- **Task prompt**
Pictures aside, repeat every record below exactly.

Source records
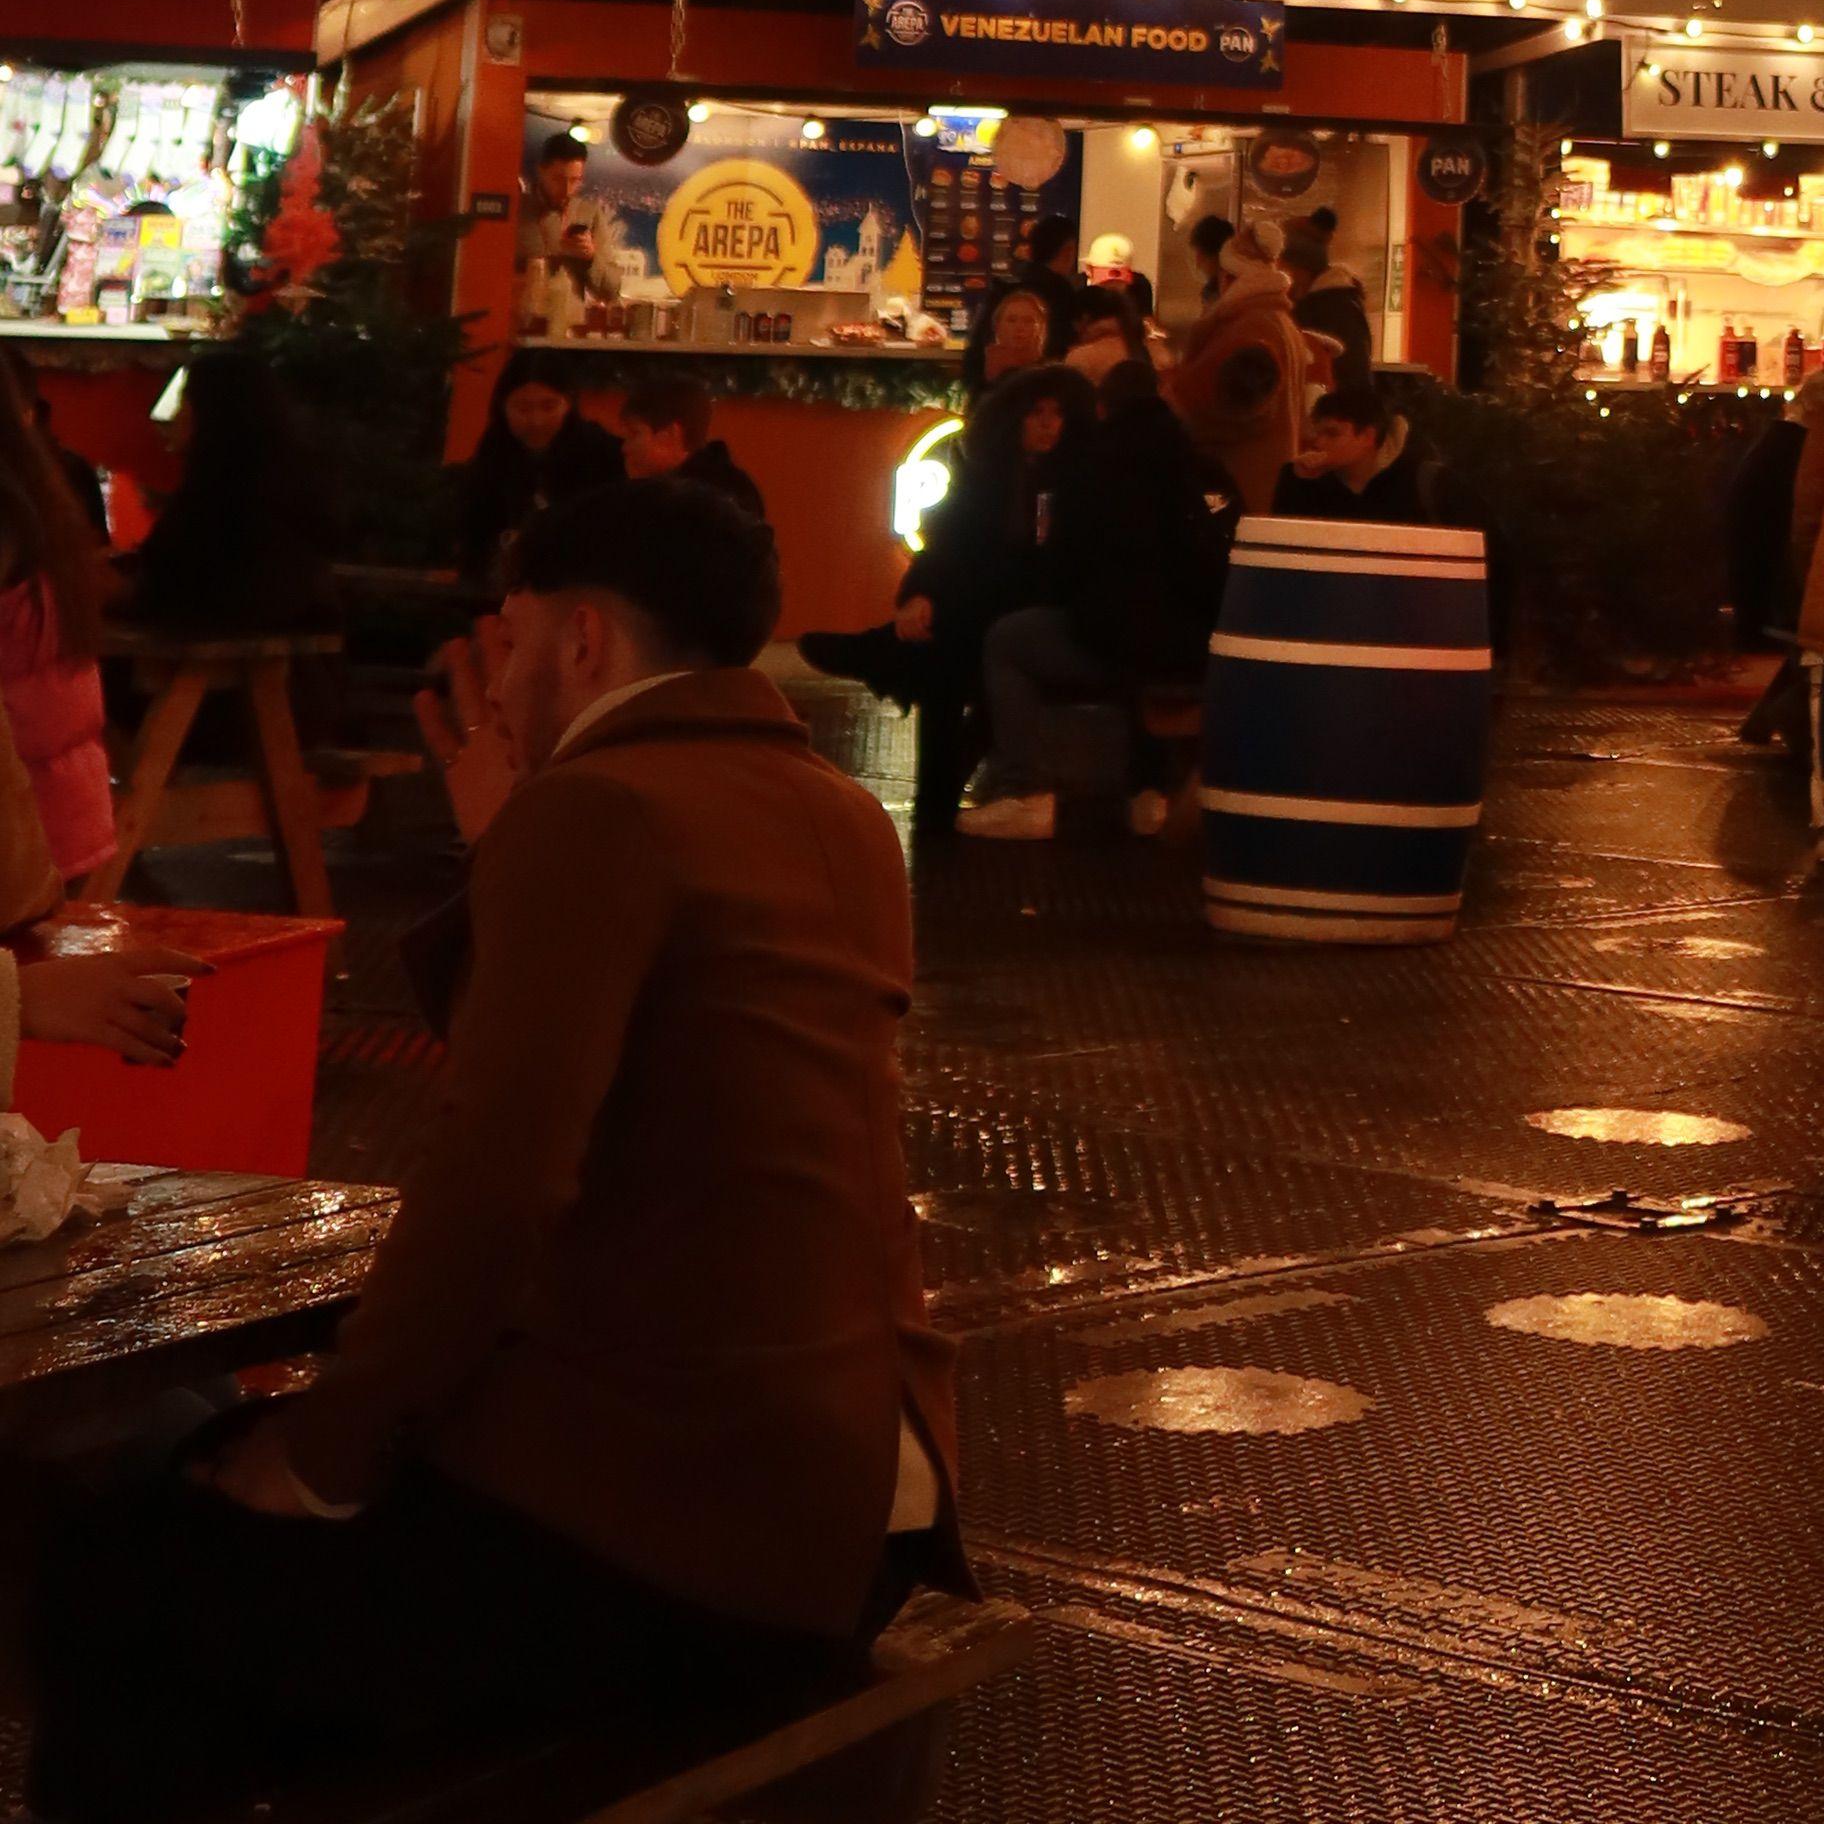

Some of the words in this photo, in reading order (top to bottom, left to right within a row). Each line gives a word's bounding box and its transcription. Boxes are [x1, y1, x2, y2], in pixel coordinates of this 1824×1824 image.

[940, 14, 1123, 48] VENEZUELAN
[1130, 27, 1208, 52] FOOD
[1219, 34, 1255, 54] PAN
[1659, 69, 1799, 113] STEAK
[1431, 157, 1471, 176] PAN
[727, 201, 755, 221] THE
[692, 224, 781, 260] AREPA

- **Output of the exercise**
Some of the words in this photo, in reading order (top to bottom, left to right within a row). Each line gives a word's bounding box and its transcription. Boxes are [x1, y1, x2, y2], in pixel coordinates of this 1824×1824 image.

[940, 14, 1123, 48] VENEZUELAN
[1130, 27, 1208, 52] FOOD
[1219, 34, 1255, 54] PAN
[1659, 69, 1799, 113] STEAK
[1431, 157, 1471, 176] PAN
[727, 201, 755, 221] THE
[692, 224, 781, 260] AREPA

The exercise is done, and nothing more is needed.